Priam fronça les sourcils. Était-ce de sa faute à lui ? Il n'avait pourtant rien fait pour s'attirer ses foudres.
– Tu dors ici.
Le tutoiement lui avait échappé. Il tritura nerveusement l'appareil qui embrassait son oreille. Le visage de Cera, lui, se décomposa. En restant ici, elle était condamnée à assister à ce bestiaire et tout ce qu'il pouvait bien inclure. La brune souffla, découragée.
– Cera, qu'est-ce qu'il se passe ?
Son insistance finit par lui donner raison.
– Je vais devoir assister à ce bestiaire ?
– Tu sais ce que c'est ? Demanda Priam, surpris.
Face à son absence de réponse, le jeune homme répondit :
– Tu vas devoir y assister. Et non, tu n'auras rien à faire, ajouta-t-il avec prudence.
– « Rien à faire »... Comme pour la parade des paons ? Répliqua Cera avec froideur.
Le regard de l'héritier se voila d'interrogations. Il n'avait jamais entendu parler de la « parade des paons ». A moins que...
– Le bestiaire n'a aucun point commun avec le banquet des Dieux. Le clou du spectacle n'est pas le même. Nous n'avons vocation qu'à être de simples spectateurs.
Les bras croisés sous sa poitrine, Cera réfléchit à la portée de ces mots. Était-ce une bonne chose d'assister à un spectacle organisé par l'arène ? La chasseuse avait suffisamment été la victime de ses ruses pour connaître le déroulement final de ce bestiaire : la mort.
– Et je suis obligée d'y assister ?
– Tu es ma lionne. Et la guerrière des Jours sans fin, nuança Priam, avec une étincelle dans les yeux. Tu dois être là.
Cera soupira. Sa présence était nécessaire, sans pour autant être obligatoire.
Comme à chaque fois, Cera avait un mauvais pressentiment. Bien qu’ils se soient tous deux sur un terrain d’entente, la jeune femme ne parvenait pas à faire pleinement confiance à son Maître. Il l’avait tellement déçu par le passé que plus rien ne pourrait jamais combler ce fossé creusé de méfiance.
Priam lui avait fait mal moralement et physiquement. Son cœur était encombré de sentiments à la fois sombres et lumineux.
– Dix t’a préparé quelques vêtements dans les valises. Je te laisse le soin de choisir.

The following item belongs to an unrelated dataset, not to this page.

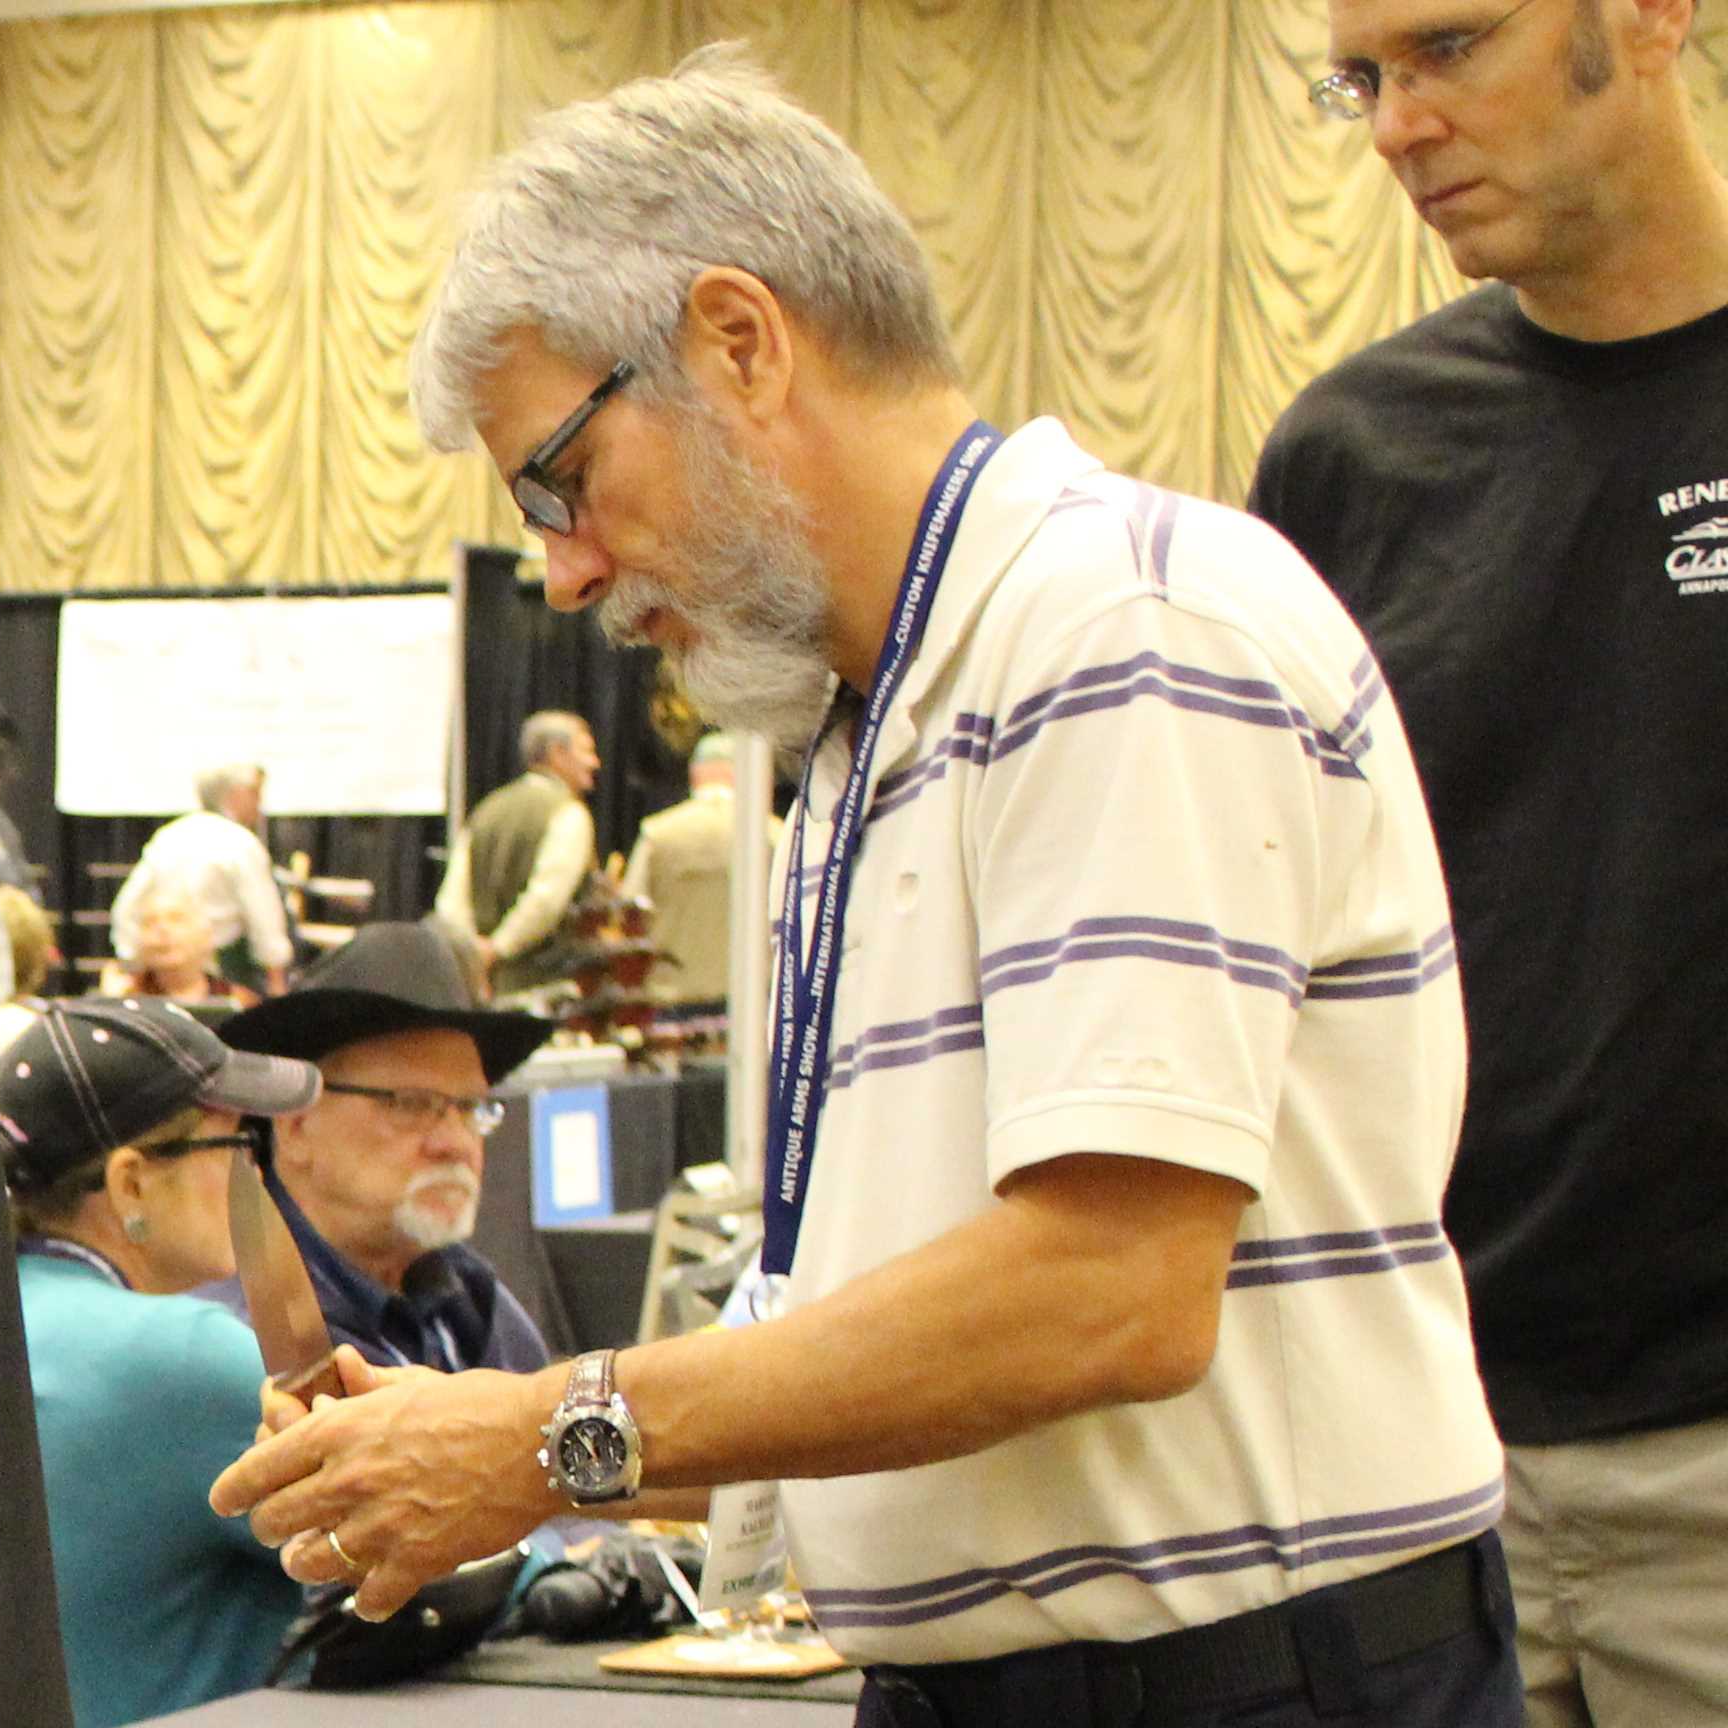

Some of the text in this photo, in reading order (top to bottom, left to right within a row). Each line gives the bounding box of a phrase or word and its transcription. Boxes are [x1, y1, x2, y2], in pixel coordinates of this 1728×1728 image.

Sur ces paroles, l’héritier quitta la chambre. Cera, quant à elle, se laissa tomber prestement sur le lit. Les yeux fermés, elle profita du silence pour se poser et se détendre. Une odeur de plastique et de propreté lui titilla le nez. Elle n'appréciait pas beaucoup ces senteurs artificielles, lui préférant l’odeur de la terre et de l’océan.
– Comment j’ai pu en arriver là, pensa-t-elle à voix haute.
Son existence sur l’île semblait s’être déroulée dans un songe, un rêve un peu trop court avec un goût d’inachevé. Ses magnifiques souvenirs avaient été teintés par la présence des blouses blanches et des hommes en noir. Son existence avait été bouleversée en l’espace de quelques minutes.
Cera souffla, essayant de calmer l’organe en son sein. Il s’agissait d’une simple soirée. L’histoire de quelques heures… Peu importe ce qu'impliquerait ce bestiaire, elle le survivrait. Elle inspira profondément, et s’autorisa un bref repos.